=== What to do ===
Reproduce all the records word for word. Omit images.

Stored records

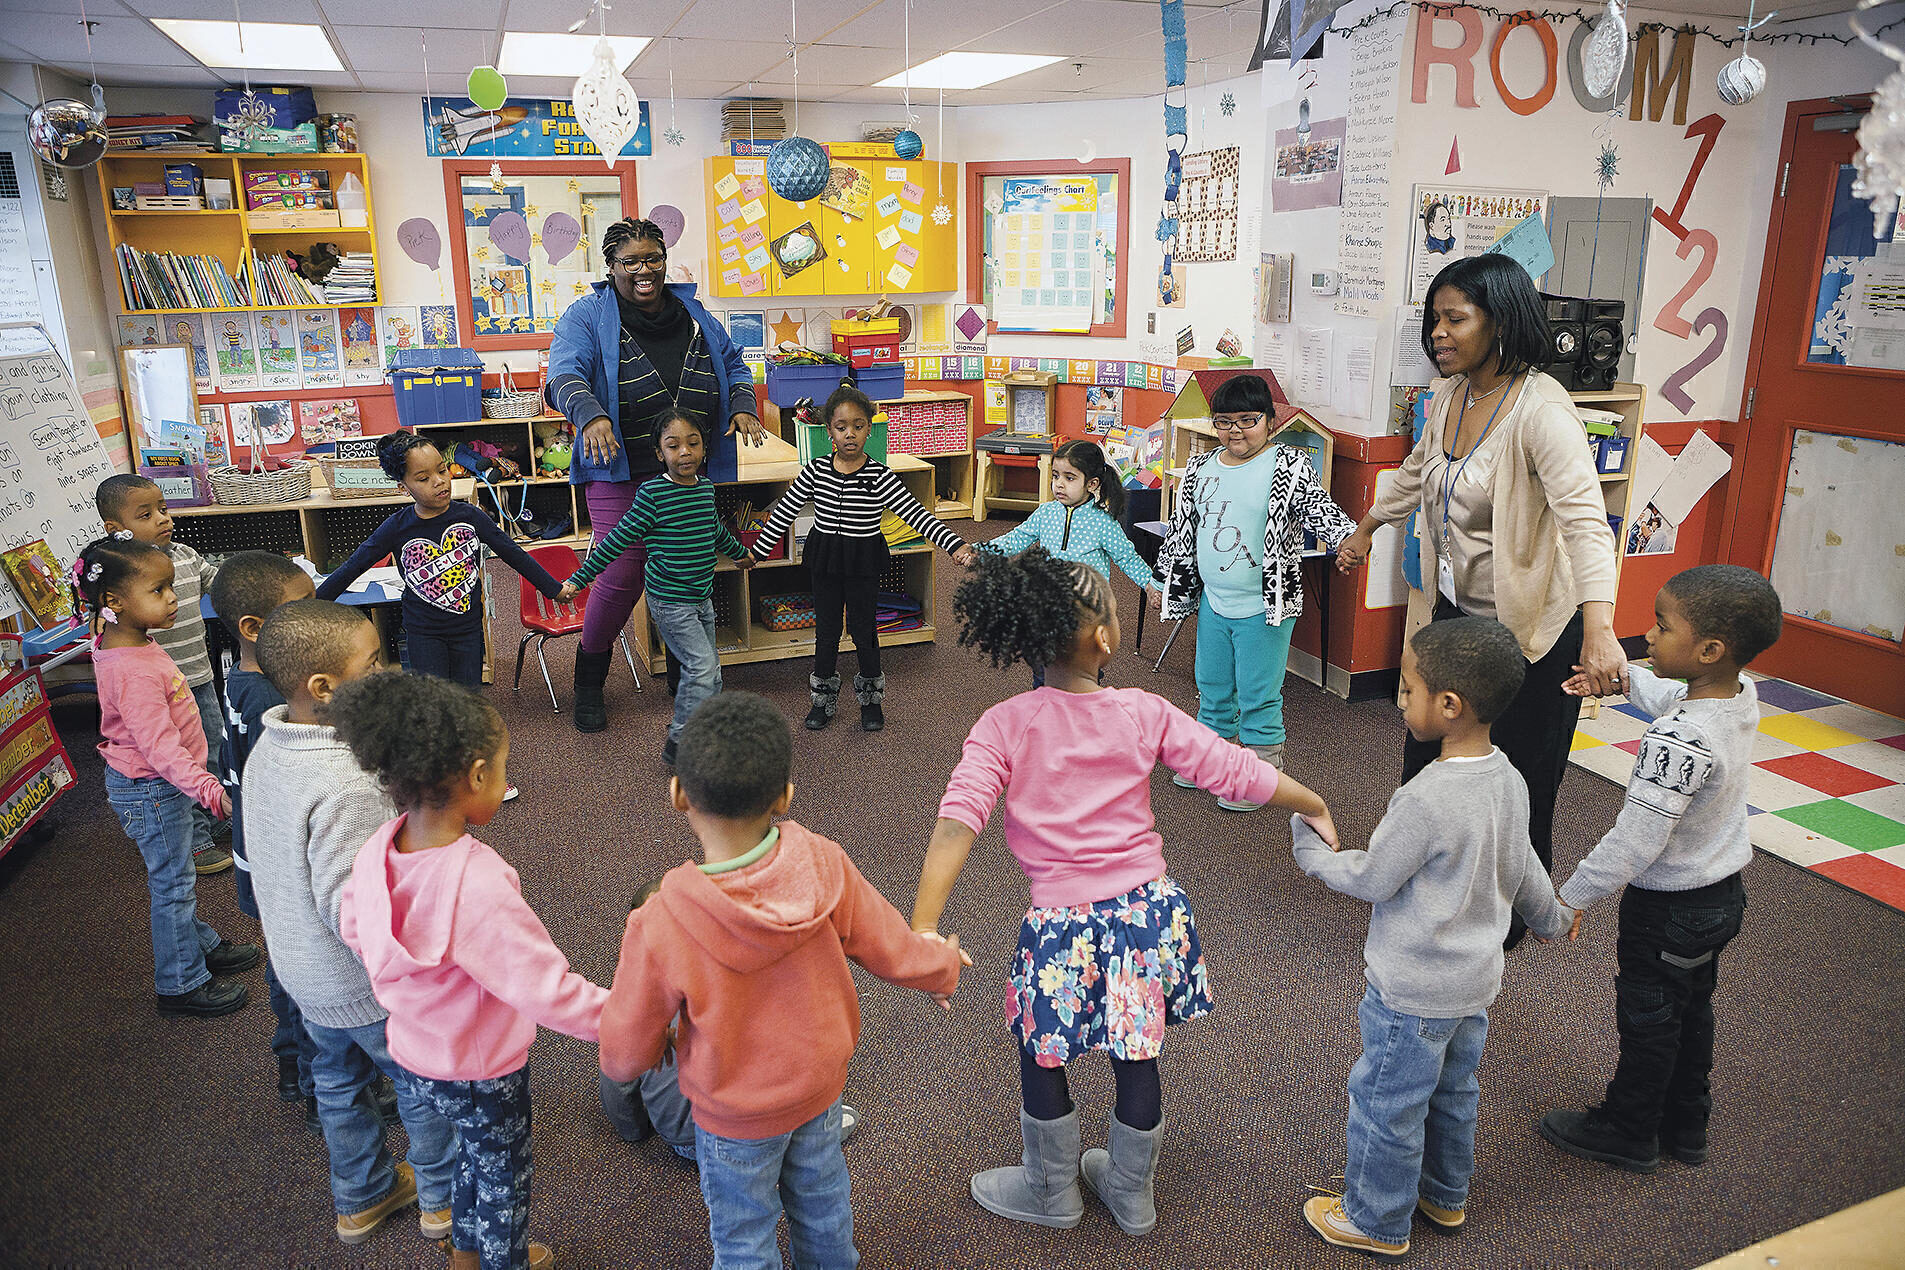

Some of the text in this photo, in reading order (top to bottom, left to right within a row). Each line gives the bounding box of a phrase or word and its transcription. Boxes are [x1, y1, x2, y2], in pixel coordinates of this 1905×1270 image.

[1411, 2, 1696, 125] ROOM
[129, 137, 141, 145] KIT
[554, 138, 601, 155] STA
[736, 144, 752, 153] 800
[1031, 185, 1062, 195] Feelings
[1064, 185, 1085, 194] Chart
[1467, 222, 1483, 230] Please
[493, 221, 525, 245] Happy
[546, 223, 580, 243] Birthday
[1652, 113, 1728, 415] 122
[955, 344, 986, 352] diamond
[925, 358, 936, 368] 14
[946, 357, 957, 367] 15
[967, 357, 978, 367] 16
[991, 357, 1002, 367] 17
[1019, 359, 1030, 368] 18
[1048, 360, 1059, 369] 19
[1075, 361, 1089, 371] 20
[9, 361, 28, 378] and
[1105, 363, 1117, 372] 21
[1134, 364, 1143, 374] 22
[1150, 367, 1158, 377] 23
[309, 373, 337, 384] hopeful
[356, 372, 370, 381] shy
[1165, 370, 1175, 380] 24
[3, 388, 74, 417] your clothing
[338, 441, 378, 452] LOOKIN
[339, 450, 377, 459] DOWN
[46, 448, 66, 472] eight
[11, 468, 23, 483] or
[57, 473, 76, 488] nine
[77, 463, 98, 482] snaps
[338, 471, 392, 485] Science
[0, 496, 22, 521] nots
[67, 497, 84, 514] ten
[40, 519, 53, 535] or
[0, 777, 51, 836] December
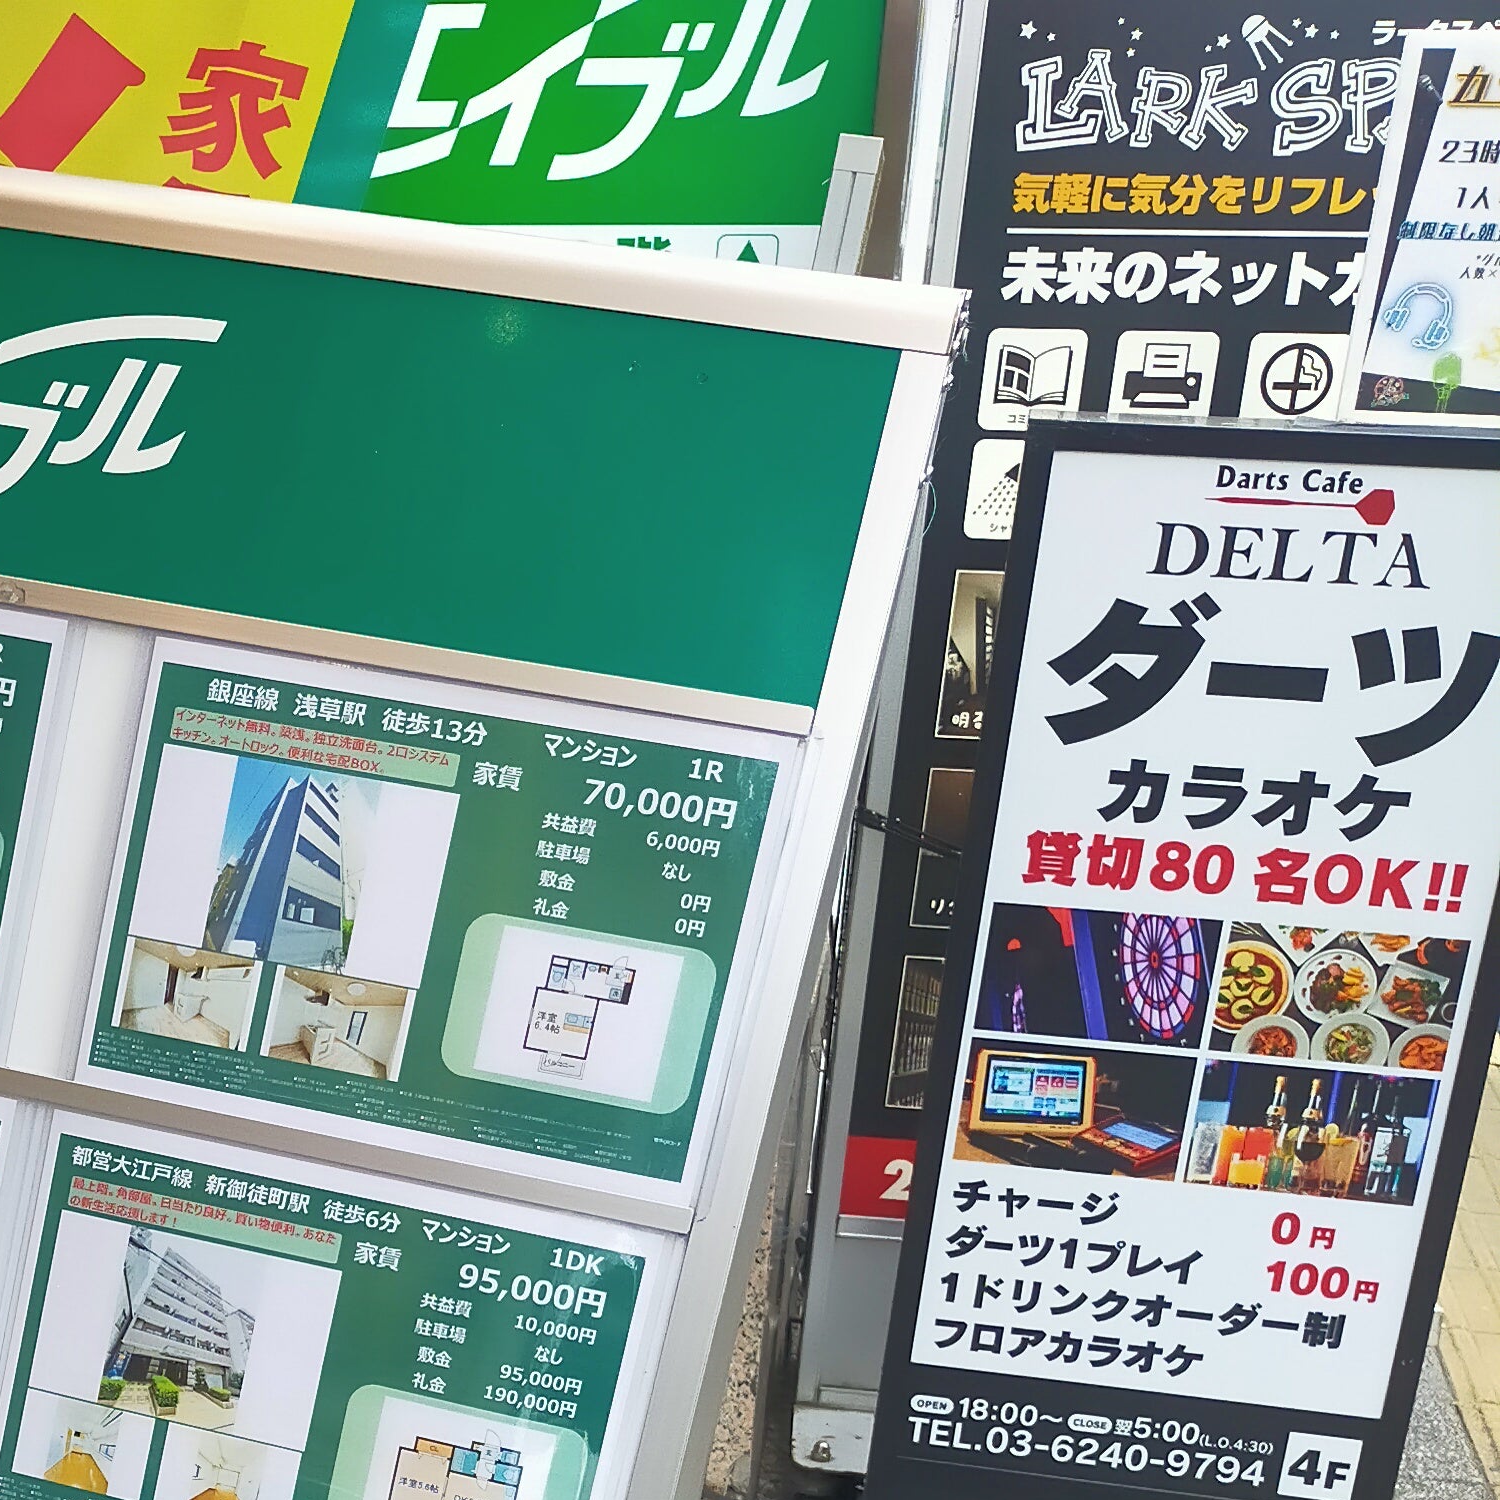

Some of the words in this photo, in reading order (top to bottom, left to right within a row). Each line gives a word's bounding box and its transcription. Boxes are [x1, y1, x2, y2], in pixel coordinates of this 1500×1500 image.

[159, 41, 309, 197] 家
[1016, 48, 1257, 152] LARK
[1272, 57, 1402, 157] SP
[1012, 172, 1378, 216] 気軽に気分をリフレ
[1457, 187, 1500, 209] 1人
[1398, 222, 1500, 240] 制限なし朝
[1215, 465, 1289, 491] Darts
[1302, 467, 1363, 495] Cafe
[989, 523, 1013, 534] シャ
[1146, 521, 1430, 590] DELTA
[1044, 591, 1500, 768] ダーツ
[205, 677, 280, 712] 銀座線
[291, 691, 368, 727] 浅草駅
[380, 706, 488, 746] 徒歩13分
[543, 732, 638, 768] マンション
[687, 757, 724, 783] 1R
[471, 760, 524, 792] 家賃
[582, 777, 738, 830] 70,000円
[1097, 758, 1412, 842] カラオケ
[534, 839, 591, 865] 駐車場
[660, 860, 692, 882] なし
[540, 811, 597, 837] 共益費
[645, 830, 721, 858] 6,000円
[531, 896, 570, 920] 礼金
[673, 917, 706, 938] 0円
[537, 868, 576, 892] 敷金
[679, 892, 712, 913] 0円
[70, 1144, 193, 1189] 都営大江戸線
[203, 1173, 311, 1214] 新御徒町駅
[321, 1198, 401, 1233] 徒歩6分
[421, 1217, 511, 1254] マンション
[548, 1246, 605, 1276] 1DK
[952, 1178, 1120, 1226] チャージ
[352, 1240, 402, 1272] 家賃
[457, 1262, 608, 1318] 95,000円
[945, 1225, 1203, 1285] ダーツ1プレイ
[1266, 1261, 1380, 1304] 100円
[418, 1291, 472, 1318] 共益費
[513, 1313, 597, 1345] 10,000円
[941, 1272, 1346, 1349] 1ドリンクオーダー制
[415, 1345, 452, 1369] 敷金
[498, 1363, 583, 1396] 95,000円
[934, 1317, 1203, 1377] フロアカラオケ
[410, 1371, 447, 1395] 礼金
[482, 1384, 578, 1419] 190,000円
[907, 1416, 1266, 1487] TEL.03-6240-9794
[916, 1397, 948, 1412] OPEN
[1073, 1416, 1108, 1431] CLOSE
[1288, 1450, 1352, 1491] 4F

=== Task response ===
Some of the text in this photo, in reading order (top to bottom, left to right within a row). Each line gives the bounding box of a phrase or word and its transcription. Boxes are [x1, y1, x2, y2], in pixel coordinates of this 1905×1270 image.

[1411, 2, 1696, 125] ROOM
[129, 137, 141, 145] KIT
[554, 138, 601, 155] STA
[736, 144, 752, 153] 800
[1031, 185, 1062, 195] Feelings
[1064, 185, 1085, 194] Chart
[1467, 222, 1483, 230] Please
[493, 221, 525, 245] Happy
[546, 223, 580, 243] Birthday
[1652, 113, 1728, 415] 122
[955, 344, 986, 352] diamond
[925, 358, 936, 368] 14
[946, 357, 957, 367] 15
[967, 357, 978, 367] 16
[991, 357, 1002, 367] 17
[1019, 359, 1030, 368] 18
[1048, 360, 1059, 369] 19
[1075, 361, 1089, 371] 20
[9, 361, 28, 378] and
[1105, 363, 1117, 372] 21
[1134, 364, 1143, 374] 22
[1150, 367, 1158, 377] 23
[309, 373, 337, 384] hopeful
[356, 372, 370, 381] shy
[1165, 370, 1175, 380] 24
[3, 388, 74, 417] your clothing
[338, 441, 378, 452] LOOKIN
[339, 450, 377, 459] DOWN
[46, 448, 66, 472] eight
[11, 468, 23, 483] or
[57, 473, 76, 488] nine
[77, 463, 98, 482] snaps
[338, 471, 392, 485] Science
[0, 496, 22, 521] nots
[67, 497, 84, 514] ten
[40, 519, 53, 535] or
[0, 777, 51, 836] December

Some of the words in this photo, in reading order (top to bottom, left to right within a row). Each line gives a word's bounding box and its transcription. Boxes are [x1, y1, x2, y2], in pixel coordinates of this 1500×1500 image.

[159, 41, 309, 197] 家
[1016, 48, 1257, 152] LARK
[1272, 57, 1402, 157] SP
[1012, 172, 1378, 216] 気軽に気分をリフレ
[1457, 187, 1500, 209] 1人
[1398, 222, 1500, 240] 制限なし朝
[1215, 465, 1289, 491] Darts
[1302, 467, 1363, 495] Cafe
[989, 523, 1013, 534] シャ
[1146, 521, 1430, 590] DELTA
[1044, 591, 1500, 768] ダーツ
[205, 677, 280, 712] 銀座線
[291, 691, 368, 727] 浅草駅
[380, 706, 488, 746] 徒歩13分
[543, 732, 638, 768] マンション
[687, 757, 724, 783] 1R
[471, 760, 524, 792] 家賃
[582, 777, 738, 830] 70,000円
[1097, 758, 1412, 842] カラオケ
[534, 839, 591, 865] 駐車場
[660, 860, 692, 882] なし
[540, 811, 597, 837] 共益費
[645, 830, 721, 858] 6,000円
[531, 896, 570, 920] 礼金
[673, 917, 706, 938] 0円
[537, 868, 576, 892] 敷金
[679, 892, 712, 913] 0円
[70, 1144, 193, 1189] 都営大江戸線
[203, 1173, 311, 1214] 新御徒町駅
[321, 1198, 401, 1233] 徒歩6分
[421, 1217, 511, 1254] マンション
[548, 1246, 605, 1276] 1DK
[952, 1178, 1120, 1226] チャージ
[352, 1240, 402, 1272] 家賃
[457, 1262, 608, 1318] 95,000円
[945, 1225, 1203, 1285] ダーツ1プレイ
[1266, 1261, 1380, 1304] 100円
[418, 1291, 472, 1318] 共益費
[513, 1313, 597, 1345] 10,000円
[941, 1272, 1346, 1349] 1ドリンクオーダー制
[415, 1345, 452, 1369] 敷金
[498, 1363, 583, 1396] 95,000円
[934, 1317, 1203, 1377] フロアカラオケ
[410, 1371, 447, 1395] 礼金
[482, 1384, 578, 1419] 190,000円
[907, 1416, 1266, 1487] TEL.03-6240-9794
[916, 1397, 948, 1412] OPEN
[1073, 1416, 1108, 1431] CLOSE
[1288, 1450, 1352, 1491] 4F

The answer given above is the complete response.